La phrase de trop : « Si c'était légal d'interdire les camions sur la N10, je le ferais » écrit Michel Boutant, sénateur et président socialiste du Conseil général de la Charente ...

C'est dans ces termes que Michel Boutant a écrit à François Burdeyron, préfet de la Charente. Objet de la correspondance, « proposer » au représentant de l'État de prendre un arrêté interdisant la circulation sur la RN 10 des « véhicules affectés aux transports de marchandises ». Autrement dit, plus du tout de camions sur la nationale 10.

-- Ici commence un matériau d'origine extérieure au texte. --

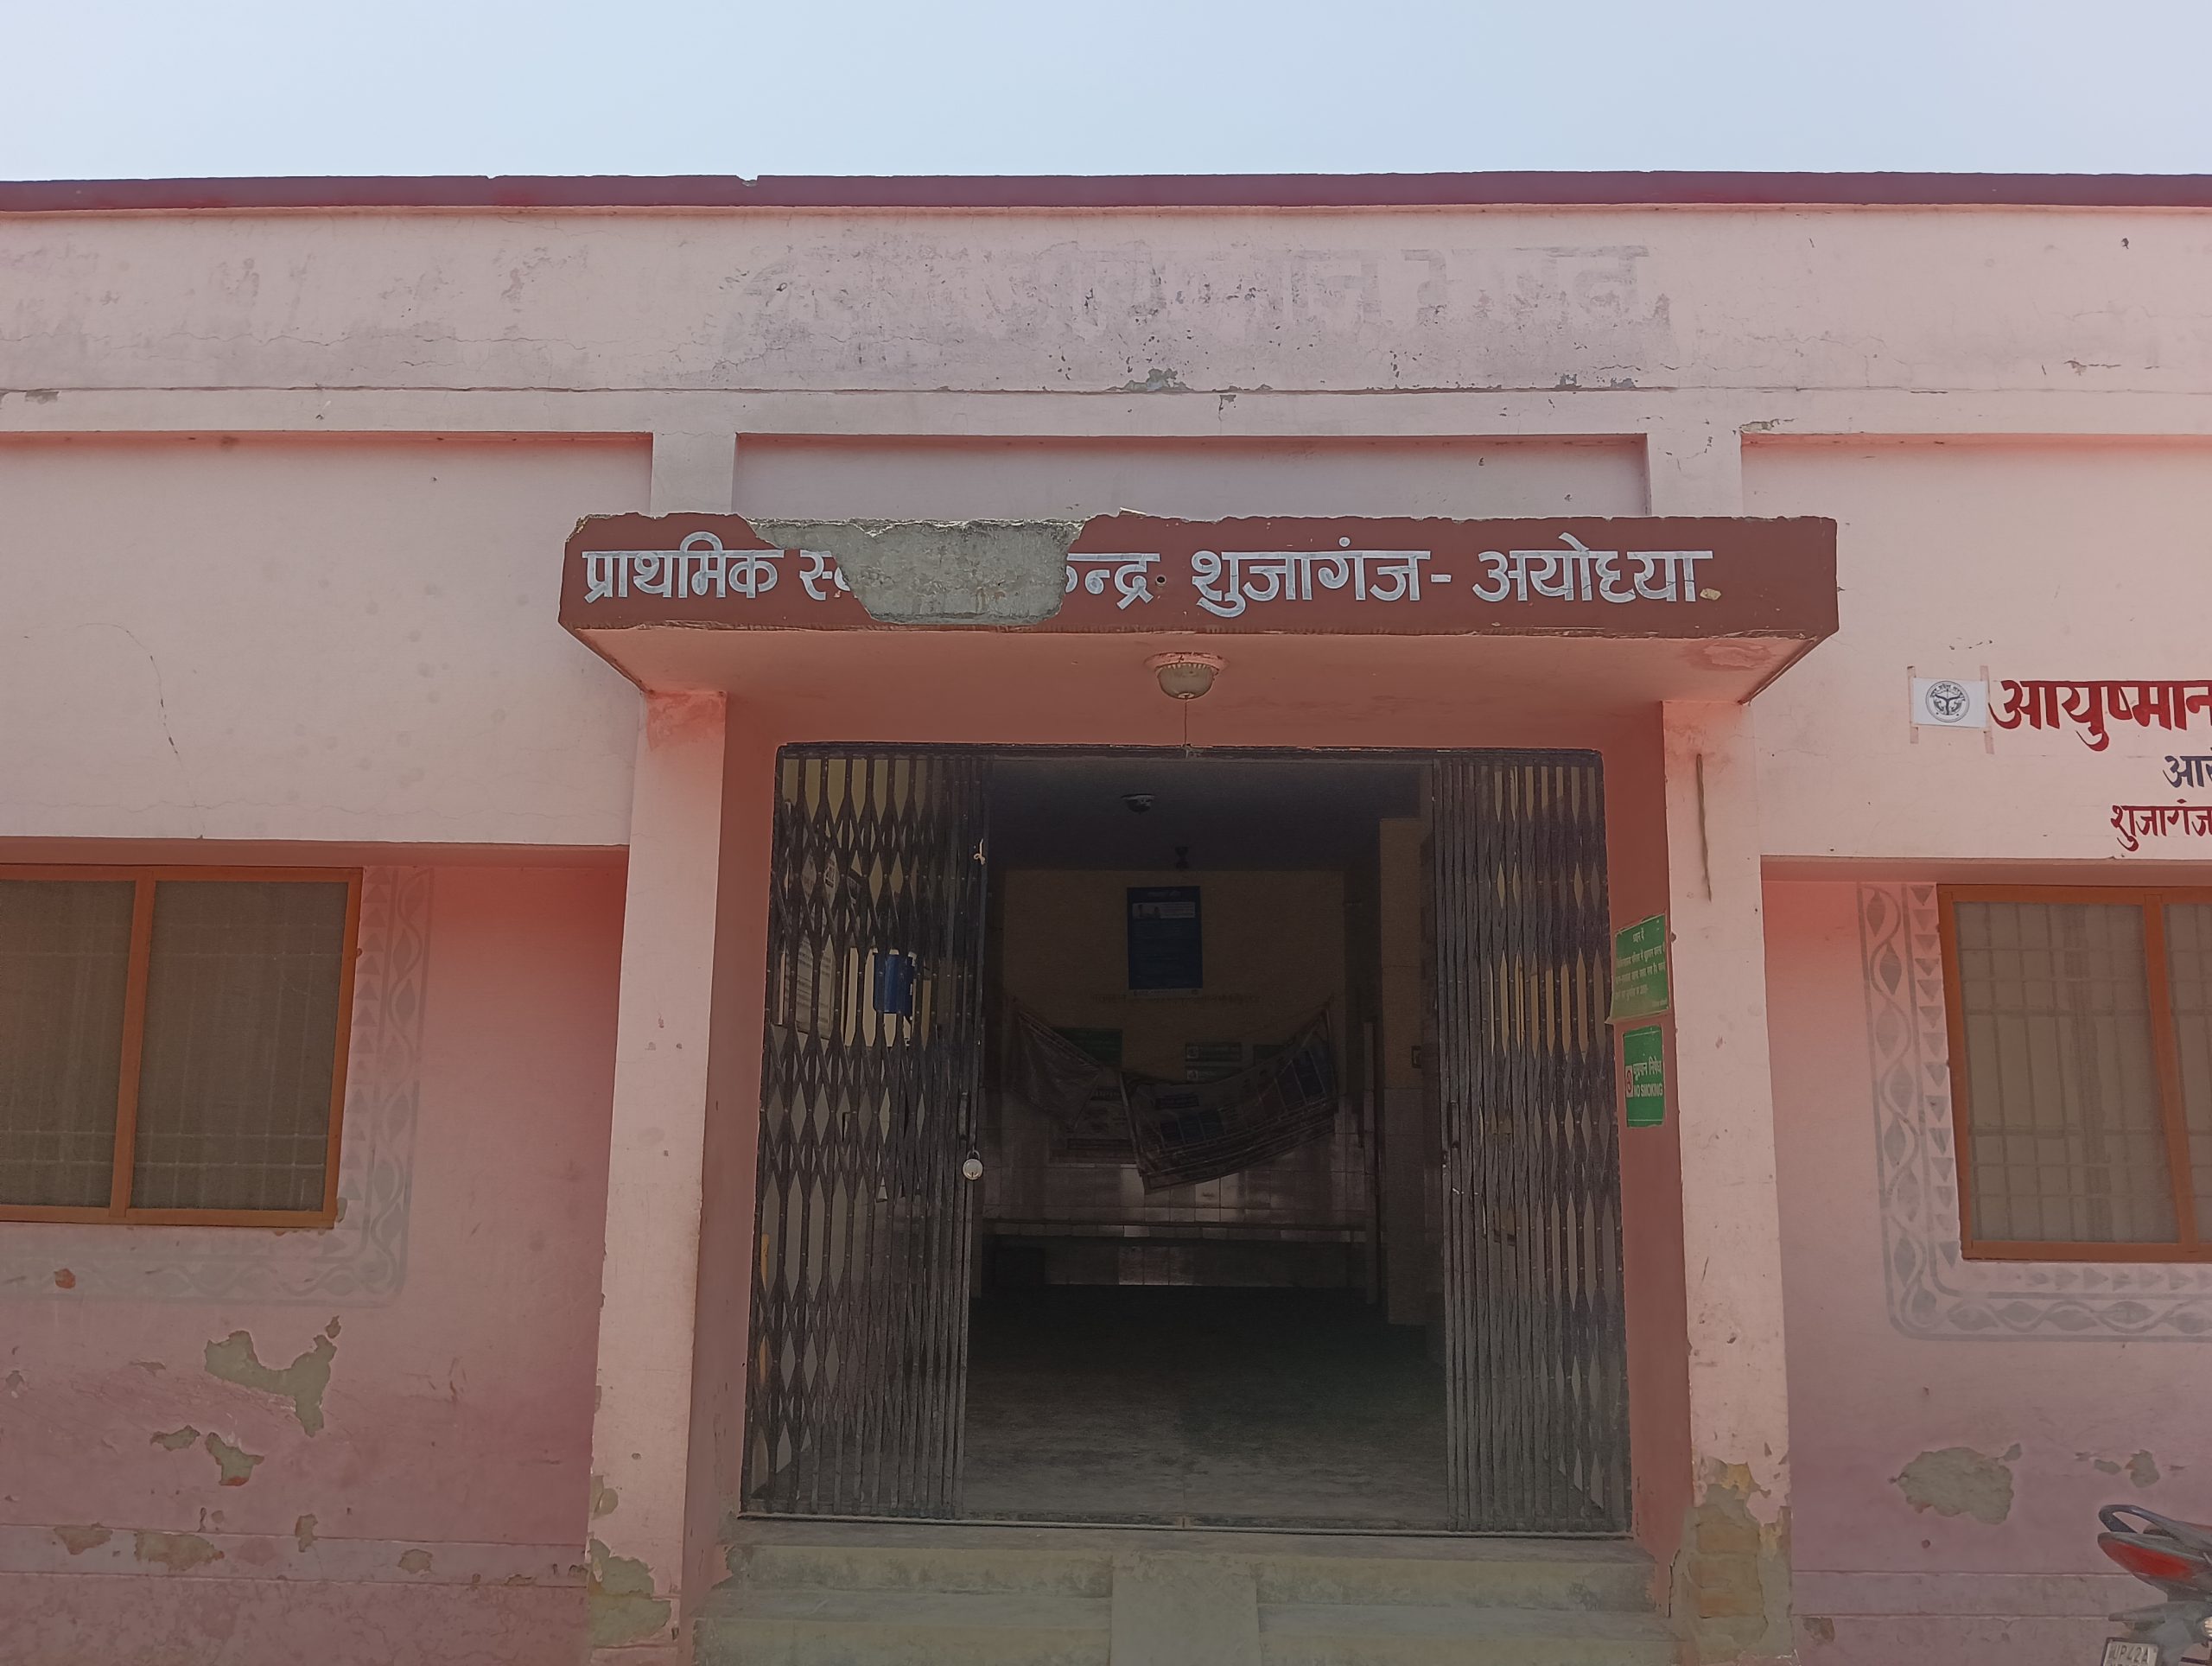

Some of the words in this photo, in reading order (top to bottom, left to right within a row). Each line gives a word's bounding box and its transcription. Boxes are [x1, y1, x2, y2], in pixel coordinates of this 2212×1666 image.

[582, 531, 784, 603] प्राथमिक
[1471, 532, 1713, 603] अयोध्या
[1633, 1084, 1641, 1097] NO
[1641, 1083, 1663, 1097] SMOKING

Le préfet a répondu hier, sans laisser grand place à l'alternative. « Les interdictions générales et absolues de circuler, sauf cas majeurs, ne sont pas légales », assure François Burdeyron. Même s'il le voulait, il ne le pourrait pas. « L'arrêté serait attaqué ».
De plus, le préfet dit qu'il ne sait pas « faire le tri entre un poids lourd en transit, et celui qui va s'arrêter en Charente ». « Nous n'avons pas les moyens de le faire. Et puis, nous sommes un département industriel », souligne-t-il encore.
François Burdeyron évoque également le caractère faiblement accidentogène de cet axe routier. « Sur 34 accidents mortels en Charente en 2008, cinq ont eu lieu sur la RN 10 ». La Charente se situe ainsi au 47e rang national pour la dangerosité de ses routes nationales. Des chiffres qui, selon le préfet, « rapportent à la réalité de la situation ». Sans toutefois minimiser l'importance du dossier. « Il y a des risques, il faut les limiter », explique-t-il.
D'ailleurs, le projet de rendre payantes les routes nationales pour les camions fait partie des solutions envisagées. Il en sera sans doute question au sein du comité de pilotage que François Burdeyron souhaite créer, en compagnie des élus et responsables concernés par la nationale 10. « Si c'était légal d'interdire, je le ferais. Si nous avions les moyens de contrôler, je le ferais. Mais il passe 8 000 camions à Barbezieux tous les jours. Ce n'est pas une solution réaliste, aussi séduisante soit-elle », soupire le préfet. « Mais je partage le souci qui est exprimé », conclut-il.